Monday, February 26, 2007

Treason and technology

As a freelance writer, I'm used to having a number of different things on my plate at a given time. I try to take each as they come and devote as much time and attention to the task at hand as possible.

When I'm working on a radio story and working to update the blogs I write for, it's usually pretty easy to keep the jobs separate. When blogging, I tend to keep tabs on news and technology sites and message boards. When producing a radio piece I'm either out of the office conducting interviews, calling people on the phone, or using my computer to write scripts and edit audio. Sure, it's always tempting to take a break from the radio work and check for technology news to write about, but the problem is much worse when I'm trying to do two jobs at once that require online research.

Today I'm fact checking and editing articles on Constitutional issues while trying to keep up with the latest news for TV Squad (PVR Wire) and Download Squad. So one moment I'm looking up the total number of people who have been convicted of treason in the United States since the Constitution was ratified (8), and the next I'm confirming that the AppleTV (Apple's upcoming product that will allow you to stream audio and video wirelessly from your PC to your TV) will be released several weeks later than expected, in mid-March.

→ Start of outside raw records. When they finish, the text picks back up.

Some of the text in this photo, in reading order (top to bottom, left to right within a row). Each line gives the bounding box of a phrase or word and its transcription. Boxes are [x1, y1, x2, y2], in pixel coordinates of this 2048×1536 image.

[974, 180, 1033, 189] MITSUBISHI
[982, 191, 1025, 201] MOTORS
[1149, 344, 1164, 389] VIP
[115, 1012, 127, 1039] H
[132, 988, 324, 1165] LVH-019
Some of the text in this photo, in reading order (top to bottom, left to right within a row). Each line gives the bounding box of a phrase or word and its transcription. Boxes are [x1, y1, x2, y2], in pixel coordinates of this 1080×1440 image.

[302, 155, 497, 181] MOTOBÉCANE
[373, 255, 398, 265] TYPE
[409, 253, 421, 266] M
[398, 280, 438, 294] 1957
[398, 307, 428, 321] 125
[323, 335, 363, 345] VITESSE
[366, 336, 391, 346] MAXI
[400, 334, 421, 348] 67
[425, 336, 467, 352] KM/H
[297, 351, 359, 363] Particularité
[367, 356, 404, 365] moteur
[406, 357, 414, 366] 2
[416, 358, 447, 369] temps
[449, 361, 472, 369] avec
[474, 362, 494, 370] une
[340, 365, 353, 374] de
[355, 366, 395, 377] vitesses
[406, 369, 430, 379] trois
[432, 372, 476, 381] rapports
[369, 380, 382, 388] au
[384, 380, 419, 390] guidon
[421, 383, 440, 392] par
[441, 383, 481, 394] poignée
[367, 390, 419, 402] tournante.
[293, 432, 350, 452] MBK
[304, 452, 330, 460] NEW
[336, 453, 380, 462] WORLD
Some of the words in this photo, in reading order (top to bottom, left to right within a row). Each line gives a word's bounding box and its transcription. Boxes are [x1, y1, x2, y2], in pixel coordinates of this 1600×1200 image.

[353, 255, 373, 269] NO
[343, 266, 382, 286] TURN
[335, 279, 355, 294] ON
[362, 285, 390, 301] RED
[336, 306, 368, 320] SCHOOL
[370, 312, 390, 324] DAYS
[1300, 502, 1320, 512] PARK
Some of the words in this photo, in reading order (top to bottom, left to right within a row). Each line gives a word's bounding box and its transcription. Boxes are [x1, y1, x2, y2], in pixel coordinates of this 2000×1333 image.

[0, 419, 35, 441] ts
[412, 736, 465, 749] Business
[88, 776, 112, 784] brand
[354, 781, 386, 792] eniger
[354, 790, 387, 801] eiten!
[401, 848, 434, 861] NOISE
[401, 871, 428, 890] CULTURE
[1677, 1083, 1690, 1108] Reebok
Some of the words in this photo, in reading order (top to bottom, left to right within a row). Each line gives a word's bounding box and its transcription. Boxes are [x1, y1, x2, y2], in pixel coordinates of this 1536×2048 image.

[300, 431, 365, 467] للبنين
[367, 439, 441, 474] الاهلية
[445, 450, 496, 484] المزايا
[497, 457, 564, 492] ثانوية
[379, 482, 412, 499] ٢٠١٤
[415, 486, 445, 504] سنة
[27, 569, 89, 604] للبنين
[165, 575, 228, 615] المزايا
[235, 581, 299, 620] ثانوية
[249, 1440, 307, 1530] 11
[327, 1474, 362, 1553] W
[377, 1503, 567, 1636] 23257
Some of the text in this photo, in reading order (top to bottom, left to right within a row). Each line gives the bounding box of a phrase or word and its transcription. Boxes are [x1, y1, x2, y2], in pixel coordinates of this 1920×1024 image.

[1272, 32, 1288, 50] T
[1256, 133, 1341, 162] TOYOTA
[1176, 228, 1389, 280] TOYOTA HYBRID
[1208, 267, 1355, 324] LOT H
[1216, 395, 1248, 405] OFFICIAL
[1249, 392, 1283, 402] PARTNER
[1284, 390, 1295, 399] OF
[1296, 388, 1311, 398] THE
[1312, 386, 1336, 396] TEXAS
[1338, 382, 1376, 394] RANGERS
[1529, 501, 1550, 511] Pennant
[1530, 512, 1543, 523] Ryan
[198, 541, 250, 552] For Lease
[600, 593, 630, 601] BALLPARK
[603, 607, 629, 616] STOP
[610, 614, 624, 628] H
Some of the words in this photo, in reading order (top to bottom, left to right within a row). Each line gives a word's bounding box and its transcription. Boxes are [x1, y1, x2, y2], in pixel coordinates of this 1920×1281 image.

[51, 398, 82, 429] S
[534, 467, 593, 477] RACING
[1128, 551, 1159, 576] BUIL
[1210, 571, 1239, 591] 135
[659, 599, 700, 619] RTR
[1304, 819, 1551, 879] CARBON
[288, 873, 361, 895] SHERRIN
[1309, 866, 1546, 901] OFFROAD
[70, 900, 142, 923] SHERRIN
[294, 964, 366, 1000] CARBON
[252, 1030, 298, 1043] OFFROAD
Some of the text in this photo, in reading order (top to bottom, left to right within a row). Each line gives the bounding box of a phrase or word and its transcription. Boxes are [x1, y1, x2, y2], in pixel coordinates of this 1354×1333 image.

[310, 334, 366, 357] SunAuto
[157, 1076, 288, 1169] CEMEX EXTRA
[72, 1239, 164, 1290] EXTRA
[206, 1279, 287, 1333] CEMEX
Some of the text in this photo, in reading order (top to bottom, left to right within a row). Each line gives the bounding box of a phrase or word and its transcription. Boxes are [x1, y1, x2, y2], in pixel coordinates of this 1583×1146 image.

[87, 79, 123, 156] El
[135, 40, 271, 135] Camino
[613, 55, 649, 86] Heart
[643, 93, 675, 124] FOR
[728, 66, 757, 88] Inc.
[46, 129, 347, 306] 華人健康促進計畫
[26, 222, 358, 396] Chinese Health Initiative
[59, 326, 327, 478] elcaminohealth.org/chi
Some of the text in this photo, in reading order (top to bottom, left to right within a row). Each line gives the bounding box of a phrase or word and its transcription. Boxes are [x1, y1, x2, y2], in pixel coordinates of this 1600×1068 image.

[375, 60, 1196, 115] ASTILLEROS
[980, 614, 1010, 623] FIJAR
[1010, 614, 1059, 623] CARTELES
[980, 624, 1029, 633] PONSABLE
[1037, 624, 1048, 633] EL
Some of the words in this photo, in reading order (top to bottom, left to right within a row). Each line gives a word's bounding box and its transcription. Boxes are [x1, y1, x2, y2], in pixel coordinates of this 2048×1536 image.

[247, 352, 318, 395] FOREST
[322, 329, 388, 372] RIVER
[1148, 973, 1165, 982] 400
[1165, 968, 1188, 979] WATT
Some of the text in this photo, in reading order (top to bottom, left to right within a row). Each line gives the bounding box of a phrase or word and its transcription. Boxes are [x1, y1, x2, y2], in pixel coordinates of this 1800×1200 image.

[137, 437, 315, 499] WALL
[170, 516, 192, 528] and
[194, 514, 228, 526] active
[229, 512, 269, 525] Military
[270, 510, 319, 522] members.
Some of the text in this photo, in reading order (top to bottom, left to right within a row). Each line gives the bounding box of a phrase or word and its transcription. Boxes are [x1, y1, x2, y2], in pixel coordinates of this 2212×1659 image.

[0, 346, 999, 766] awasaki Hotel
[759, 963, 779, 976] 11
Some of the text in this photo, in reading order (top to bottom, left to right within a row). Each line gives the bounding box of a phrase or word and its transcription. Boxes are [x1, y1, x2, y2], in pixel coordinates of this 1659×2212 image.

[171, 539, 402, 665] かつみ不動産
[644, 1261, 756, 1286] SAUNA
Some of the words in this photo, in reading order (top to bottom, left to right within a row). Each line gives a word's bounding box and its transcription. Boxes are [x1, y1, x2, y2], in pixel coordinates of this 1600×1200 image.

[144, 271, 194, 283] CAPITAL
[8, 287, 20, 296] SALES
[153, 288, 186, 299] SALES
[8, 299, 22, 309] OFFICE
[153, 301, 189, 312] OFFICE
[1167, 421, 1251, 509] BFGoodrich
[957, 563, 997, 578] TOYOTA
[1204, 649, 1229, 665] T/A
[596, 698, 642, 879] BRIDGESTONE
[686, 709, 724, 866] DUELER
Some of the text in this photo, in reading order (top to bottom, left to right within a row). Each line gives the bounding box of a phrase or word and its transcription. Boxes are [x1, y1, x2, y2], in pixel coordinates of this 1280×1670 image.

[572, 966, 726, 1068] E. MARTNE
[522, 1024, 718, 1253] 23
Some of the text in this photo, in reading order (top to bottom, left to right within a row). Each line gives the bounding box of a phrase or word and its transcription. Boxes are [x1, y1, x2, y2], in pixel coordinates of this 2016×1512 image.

Other things I've learned today:
Hopefully I can keep all of these details straight and keep myself from writing about treason at TV Squad, (although I might be able to fit it into a post about 24).

2 comments:

Davis Freeberg said...

I can understand why they had to change the law during the Civil War, but $10,000 would be still be over $260K in today's dollars. That's a pretty expensive fine to have pay, especially for a bunch of farmers. It would be interesting to see how many people ended up actually sentenced during and after the Civil War.

Brad Linder said...

Well, only 8 people have ever been convicted of treason in the US. For a moment I was scared, because the person I'm fact checking the article for had written a note saying that she had read somewhere that it was 40, and that we needed entries on all of them. Turns out that was just a nasty internet rumor.

Apparently it's really difficult to prove someone guilty of treason, so charges wind up getting dropped in a lot of cases.

I'm also only up to the Civil War in this article, I wouldn't be surprised if the penalty got changed again sometime after 1862.